_Work request_:
Nothing may be dropped or added when the entries below are copied.

The data below:

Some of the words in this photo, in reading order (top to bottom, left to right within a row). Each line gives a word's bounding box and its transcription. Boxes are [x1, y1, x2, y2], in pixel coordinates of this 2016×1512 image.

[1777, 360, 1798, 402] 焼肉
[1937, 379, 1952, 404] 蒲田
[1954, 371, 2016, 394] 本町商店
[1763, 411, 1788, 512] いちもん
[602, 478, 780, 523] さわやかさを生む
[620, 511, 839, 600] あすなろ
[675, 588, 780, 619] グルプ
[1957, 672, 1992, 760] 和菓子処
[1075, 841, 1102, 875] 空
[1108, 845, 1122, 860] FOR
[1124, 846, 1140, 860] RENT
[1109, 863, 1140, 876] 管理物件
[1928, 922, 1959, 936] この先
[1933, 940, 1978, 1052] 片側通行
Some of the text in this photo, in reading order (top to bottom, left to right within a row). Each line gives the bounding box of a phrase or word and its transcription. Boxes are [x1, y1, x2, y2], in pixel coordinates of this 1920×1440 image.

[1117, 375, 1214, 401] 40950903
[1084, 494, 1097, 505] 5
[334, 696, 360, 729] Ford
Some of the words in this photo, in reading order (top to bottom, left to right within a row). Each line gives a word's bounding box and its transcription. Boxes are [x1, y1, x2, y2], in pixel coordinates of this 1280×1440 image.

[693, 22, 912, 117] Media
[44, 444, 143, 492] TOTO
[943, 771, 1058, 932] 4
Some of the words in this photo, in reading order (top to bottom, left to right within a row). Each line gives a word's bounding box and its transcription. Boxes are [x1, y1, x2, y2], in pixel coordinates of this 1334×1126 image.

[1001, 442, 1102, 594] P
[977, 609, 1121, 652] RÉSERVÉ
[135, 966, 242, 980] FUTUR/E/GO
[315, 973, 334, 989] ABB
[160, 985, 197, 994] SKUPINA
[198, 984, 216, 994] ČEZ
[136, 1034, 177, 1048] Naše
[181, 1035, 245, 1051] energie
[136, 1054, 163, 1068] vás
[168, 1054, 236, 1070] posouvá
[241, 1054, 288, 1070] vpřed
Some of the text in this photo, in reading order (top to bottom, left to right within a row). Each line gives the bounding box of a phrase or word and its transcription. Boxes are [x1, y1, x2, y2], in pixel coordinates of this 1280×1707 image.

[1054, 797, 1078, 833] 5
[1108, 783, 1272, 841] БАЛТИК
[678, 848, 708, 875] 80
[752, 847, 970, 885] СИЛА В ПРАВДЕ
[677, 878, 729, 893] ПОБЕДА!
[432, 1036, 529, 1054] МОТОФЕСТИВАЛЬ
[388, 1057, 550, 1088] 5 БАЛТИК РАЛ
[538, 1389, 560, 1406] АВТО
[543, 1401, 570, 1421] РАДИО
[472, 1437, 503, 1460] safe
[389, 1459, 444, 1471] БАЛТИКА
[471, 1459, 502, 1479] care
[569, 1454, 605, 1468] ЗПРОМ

End of The data.

_Solution to this task_:
Some of the words in this photo, in reading order (top to bottom, left to right within a row). Each line gives a word's bounding box and its transcription. Boxes are [x1, y1, x2, y2], in pixel coordinates of this 2016×1512 image.

[1777, 360, 1798, 402] 焼肉
[1937, 379, 1952, 404] 蒲田
[1954, 371, 2016, 394] 本町商店
[1763, 411, 1788, 512] いちもん
[602, 478, 780, 523] さわやかさを生む
[620, 511, 839, 600] あすなろ
[675, 588, 780, 619] グルプ
[1957, 672, 1992, 760] 和菓子処
[1075, 841, 1102, 875] 空
[1108, 845, 1122, 860] FOR
[1124, 846, 1140, 860] RENT
[1109, 863, 1140, 876] 管理物件
[1928, 922, 1959, 936] この先
[1933, 940, 1978, 1052] 片側通行
Some of the text in this photo, in reading order (top to bottom, left to right within a row). Each line gives the bounding box of a phrase or word and its transcription. Boxes are [x1, y1, x2, y2], in pixel coordinates of this 1920×1440 image.

[1117, 375, 1214, 401] 40950903
[1084, 494, 1097, 505] 5
[334, 696, 360, 729] Ford
Some of the words in this photo, in reading order (top to bottom, left to right within a row). Each line gives a word's bounding box and its transcription. Boxes are [x1, y1, x2, y2], in pixel coordinates of this 1280×1440 image.

[693, 22, 912, 117] Media
[44, 444, 143, 492] TOTO
[943, 771, 1058, 932] 4
Some of the words in this photo, in reading order (top to bottom, left to right within a row). Each line gives a word's bounding box and its transcription. Boxes are [x1, y1, x2, y2], in pixel coordinates of this 1334×1126 image.

[1001, 442, 1102, 594] P
[977, 609, 1121, 652] RÉSERVÉ
[135, 966, 242, 980] FUTUR/E/GO
[315, 973, 334, 989] ABB
[160, 985, 197, 994] SKUPINA
[198, 984, 216, 994] ČEZ
[136, 1034, 177, 1048] Naše
[181, 1035, 245, 1051] energie
[136, 1054, 163, 1068] vás
[168, 1054, 236, 1070] posouvá
[241, 1054, 288, 1070] vpřed
Some of the text in this photo, in reading order (top to bottom, left to right within a row). Each line gives the bounding box of a phrase or word and its transcription. Boxes are [x1, y1, x2, y2], in pixel coordinates of this 1280×1707 image.

[1054, 797, 1078, 833] 5
[1108, 783, 1272, 841] БАЛТИК
[678, 848, 708, 875] 80
[752, 847, 970, 885] СИЛА В ПРАВДЕ
[677, 878, 729, 893] ПОБЕДА!
[432, 1036, 529, 1054] МОТОФЕСТИВАЛЬ
[388, 1057, 550, 1088] 5 БАЛТИК РАЛ
[538, 1389, 560, 1406] АВТО
[543, 1401, 570, 1421] РАДИО
[472, 1437, 503, 1460] safe
[389, 1459, 444, 1471] БАЛТИКА
[471, 1459, 502, 1479] care
[569, 1454, 605, 1468] ЗПРОМ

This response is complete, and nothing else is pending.